■ **YOUR OBJECTIVE**
Drop the pictures, then repeat every record exactly as it stands.

■ **DATA SUPPLIED**
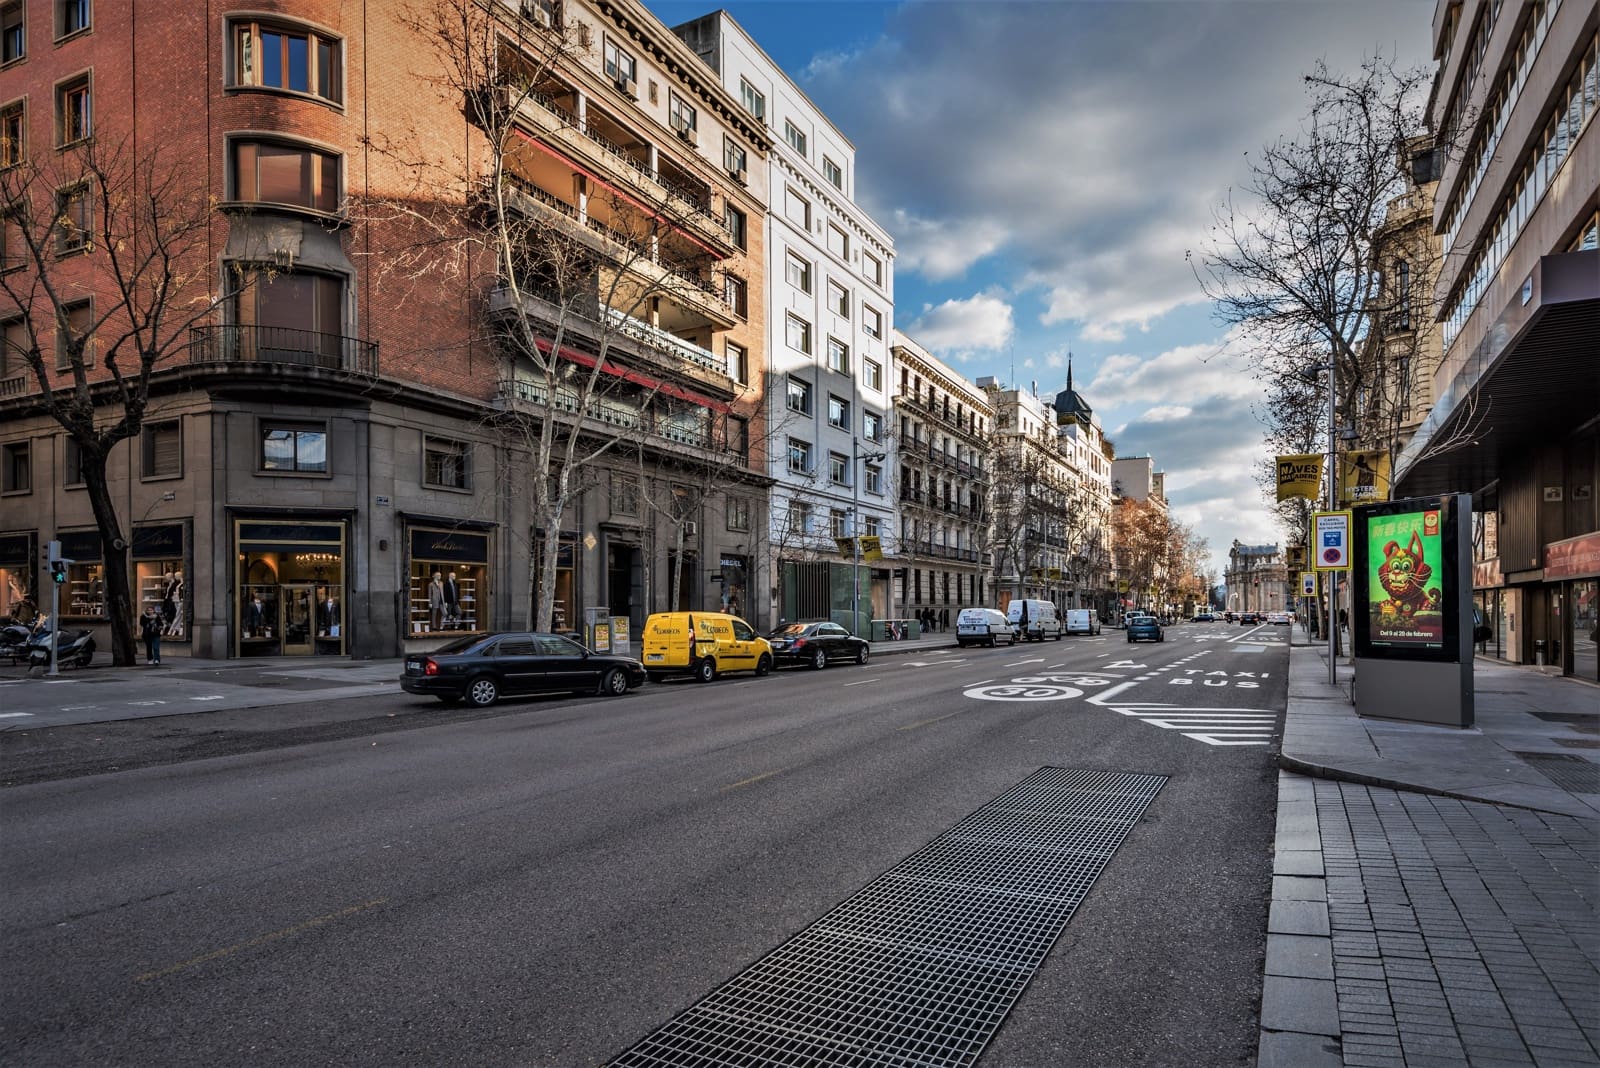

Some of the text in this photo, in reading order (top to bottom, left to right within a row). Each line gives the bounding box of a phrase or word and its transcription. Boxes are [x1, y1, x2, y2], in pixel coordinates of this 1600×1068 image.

[1280, 464, 1318, 475] NAVES
[720, 559, 742, 567] DIESEL
[707, 625, 729, 634] CORREOS
[1184, 669, 1270, 678] TAXI
[1168, 678, 1260, 688] BUS
[990, 687, 1058, 697] 30
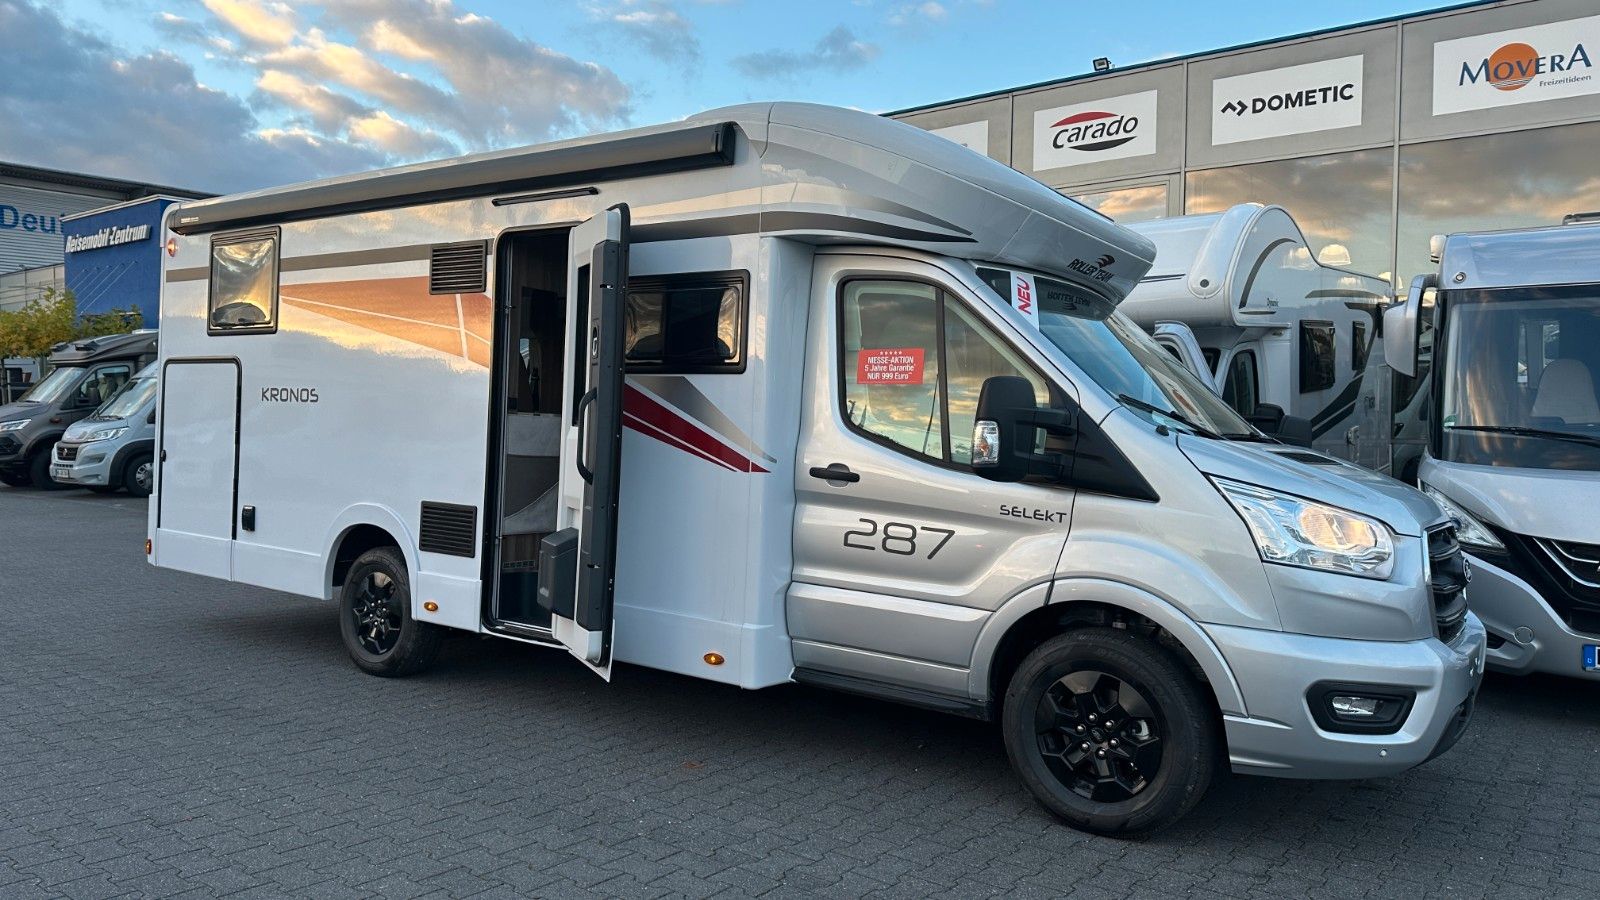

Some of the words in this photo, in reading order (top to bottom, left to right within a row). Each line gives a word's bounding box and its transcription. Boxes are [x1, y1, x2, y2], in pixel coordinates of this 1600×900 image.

■ **YOUR SOLUTION**
Some of the text in this photo, in reading order (top to bottom, left to right within a row). Each line gives the bounding box of a phrase or word and its transcription. Boxes are [x1, y1, x2, y2], in pixel coordinates of this 1600×1068 image.

[1280, 464, 1318, 475] NAVES
[720, 559, 742, 567] DIESEL
[707, 625, 729, 634] CORREOS
[1184, 669, 1270, 678] TAXI
[1168, 678, 1260, 688] BUS
[990, 687, 1058, 697] 30

Some of the words in this photo, in reading order (top to bottom, left to right within a row). Each line gives a word's bounding box and its transcription. Boxes are [x1, y1, x2, y2], in pixel coordinates of this 1600×900 image.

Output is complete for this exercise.